This comeback of sorts began last year with the sadly overlooked The Lincoln Lawyer, and continued this year with scene-stealing supporting roles in both Richard Linklater's Bernie and Steven Soderbergh's Magic Mike - the latter of which seeming to have a bit of early Oscar buzz fluttering about.  With juicy looking roles in upcoming films such as Lee Daniels The Paperboy and Jeff Nichols' Mud, this resurgence of quality material does not appear to be coming to an end anytime soon.  But it is here, as the titular rogue cop-cum-hired killer, that McConaughey gets his juiciest, his meatiest, his what-the-fuckiest role - and it is here, in a movie taglined as "A totally twisted deep-fried Texas redneck trailer park murder story," that McConaughey runs away with one of the most batshitcraziest performances in one of the most batshitcraziest films of the year.  Though I do not see what all the fuss is about - neither my mind nor my stomach are turned by such brutality on film - I do see why this film received the dreaded NC-17 rating - especially for those last twenty minutes or so - and much of this has to do with coolly maniacal performance and sudden explosive outbursts of one Mr. Matthew McConaughey.

But, yes Virginia, there is more to this movie than just the aforementioned batshitcraziness of good ole boy McConaughey.  The story, in all its fucked-up glory, adapted incidentally from the hit stage play by Terry Letts, is about a father and son who hire our intrepid anti-hero to whack their mother/ex-wife for the insurance money that will befall little sis.  The only problem our wouldbe killer hirers have is coming up with the money.  Simple solution Joe thinks - just give him baby sis as collateral.  And to add to the fucked-upness of the film, they do just that.  Both Emile Hirsch and Thomas Haden Church are fun as hell as the rather inept father and son duo, and Juno Temple is quite riveting as the virginal seventeenish piece of collateral-cum-ass, but when it comes to that final twenty minutes everyone is up in arms about, it is Gina Gerson, as the step-mom from hell, who gets the brunt of what can only be described as the best and the worst damn fried chicken scene ever put onto film.  'nuff said.  Just see the film and you will know of what I speak - and will you ever.


Saturday, October 13, 2012

Film Review: Rian Johnson's Looper

Once one gets past the gaping holes in logic - which fairly speaking, tends to be part and parcel for any time travel movie - and the somewhat unnerving make-up and prosthetics used to make the younger Joseph Gordon-Levitt more resemble his older counterpart Bruce Willis, one can enjoy a film that, according to director Rian Johnson, is less about time travel and more about personal interrelation.  Of course one must also get past a rather lackluster script as well.  So once one gets past the gaping holes in logic, the unnerving Willis-esque chin, mouth and nose prosthetics and the rather lackluster script, then one can surely enjoy Rian Johnson's Looper.  But I suppose one must also get past, save for one possible balls-out telekinetic exception, the quite uninspired action sequences as well.  But before this opening paragraph falls too deeply into a Monty Python skit, let's just say one needs to get past quite a lot to enjoy this film, and leave it at that.

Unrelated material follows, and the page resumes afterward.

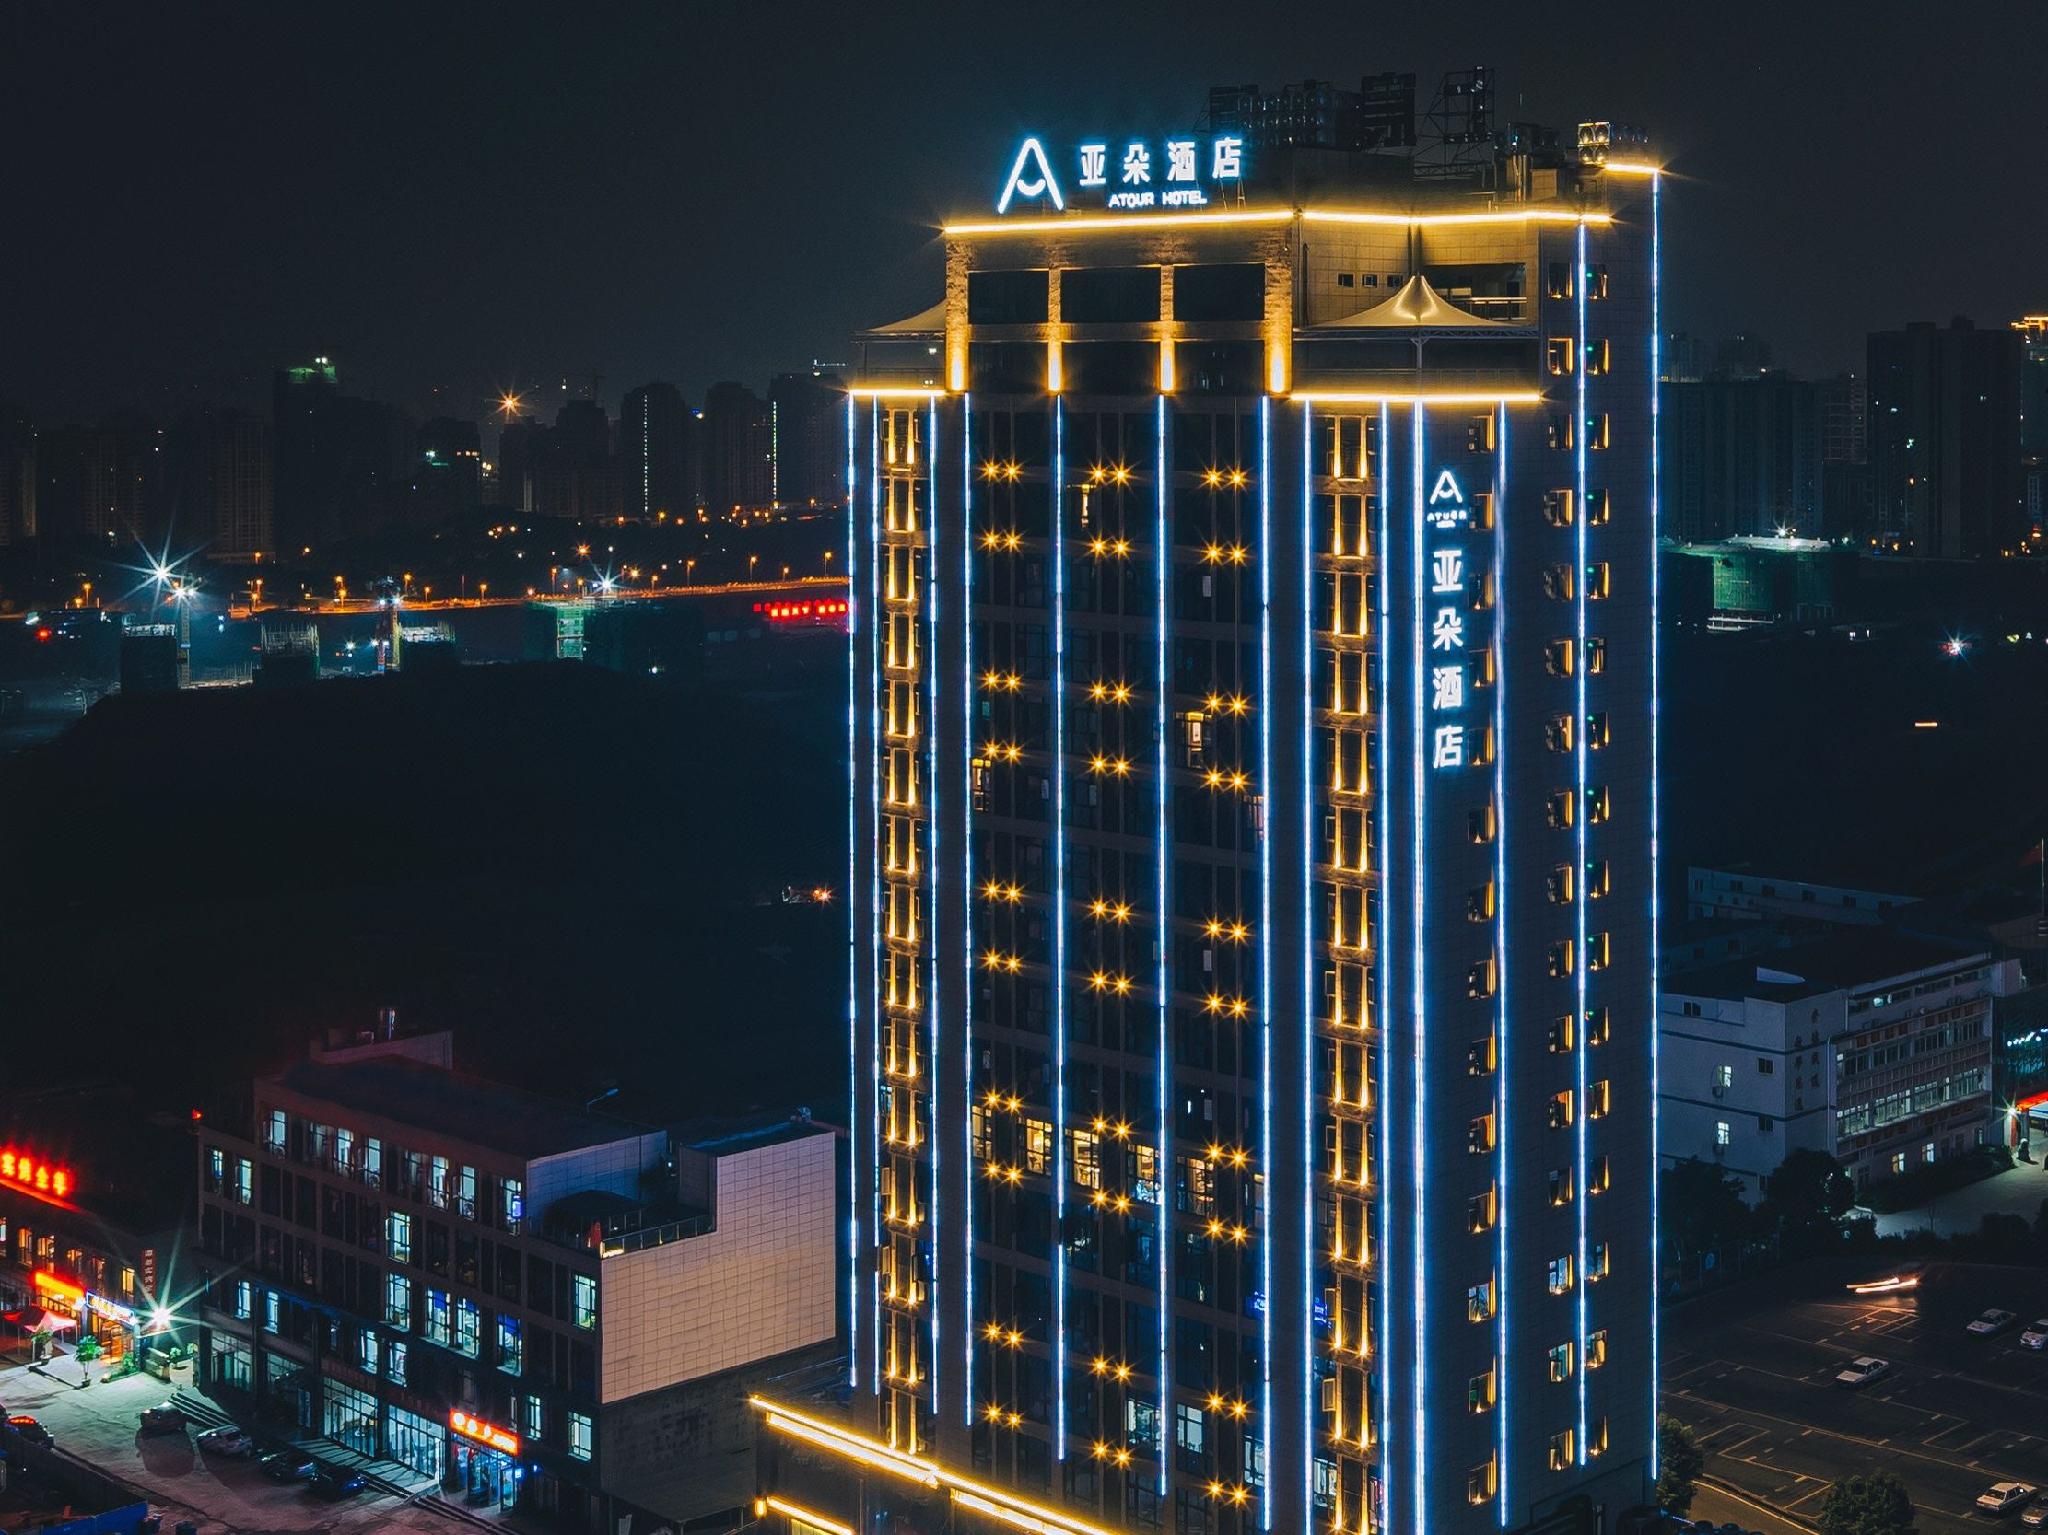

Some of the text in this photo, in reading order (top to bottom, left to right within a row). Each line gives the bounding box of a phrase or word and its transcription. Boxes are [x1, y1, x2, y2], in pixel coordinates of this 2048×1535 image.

Now really, Looper, the director's third film, after his knock-out debut Brick and his somewhat lesser follow-up The Brothers Bloom, isn't as bad as all that.  This sci-fi tale, set mainly in the year 2044, is about a group of assassins called Loopers, who kill people sent back from thirty years in the future by the mob of the future.  Apparently this is due to the unexplained inability to dispose of bodies in the future, but I suppose this is a pretty good way of doing things.  Of course at one point Gordon-Levitt's young buck looper is confronted by his old head self from the future, and Willis must avenge or save or whatever at any and all costs.  The film isn't really all that convoluted - at least as time travel films tend to go - and I believe that is what causes it to drag the way it does.  More intricate installments in the genre, such as Gilliam's 12 Monkeys and Shane Carruth's terrific Primer, or even a more elusive work like this year's Safety Not Guaranteed, tend to have more going for them as the twists and turns get deeper and sometimes actually more surprising.  Here though, we are left wanting.  Wanting for a much better movie.  Wanting for the movie we were all hoping for.  As I said, Looper isn't a bad film per se - definitely not as bad as my opening remarks would have you believe - but it is far from the gem one would have hoped for.

Mainly, one supposes, the saving grace of the film, once one gets past the aforementioned problems of uninspired action sequences, lackluster screenwriting, unnerving prosthetics and gaping holes in logic, is the acting.  Both leads, Gordon-Levitt as Young Joe and Willis as Old Joe, do a fine job counteracting each other.  An especially fun scene is a diner scene between the two that is a bit reminiscent of what Mann did with De Niro and Pacino in Heat.  As for the rest of the cast, Jeff Daniels as a mob boss sent back from the future, Paul Dano as a whiny cocksucker of a looper, Emily Blunt as a shotgun wielding farm girl protecting her wouldbe despot-of-the-future little boy, and Noah Sagen as Kid Blue, the most inept gun man of Daniels' killer crew, we get some pretty fun stuff indeed.  Too bad it is in such an otherwise mediocre film.  One was probably hoping for something smarter and perhaps more akin to 2005's Brick, that other Johnson/Gordon-Levitt collaboration which played out like a slickly wry teenage neo-noir, than what ends up being, even with Primer's writer/director Carruth being involved with the time travel sequences, merely just another time travel movie.  And who needs just that?

Wednesday, October 10, 2012

Battle Royale #6: Battle of the Bitter Sisters (The Results)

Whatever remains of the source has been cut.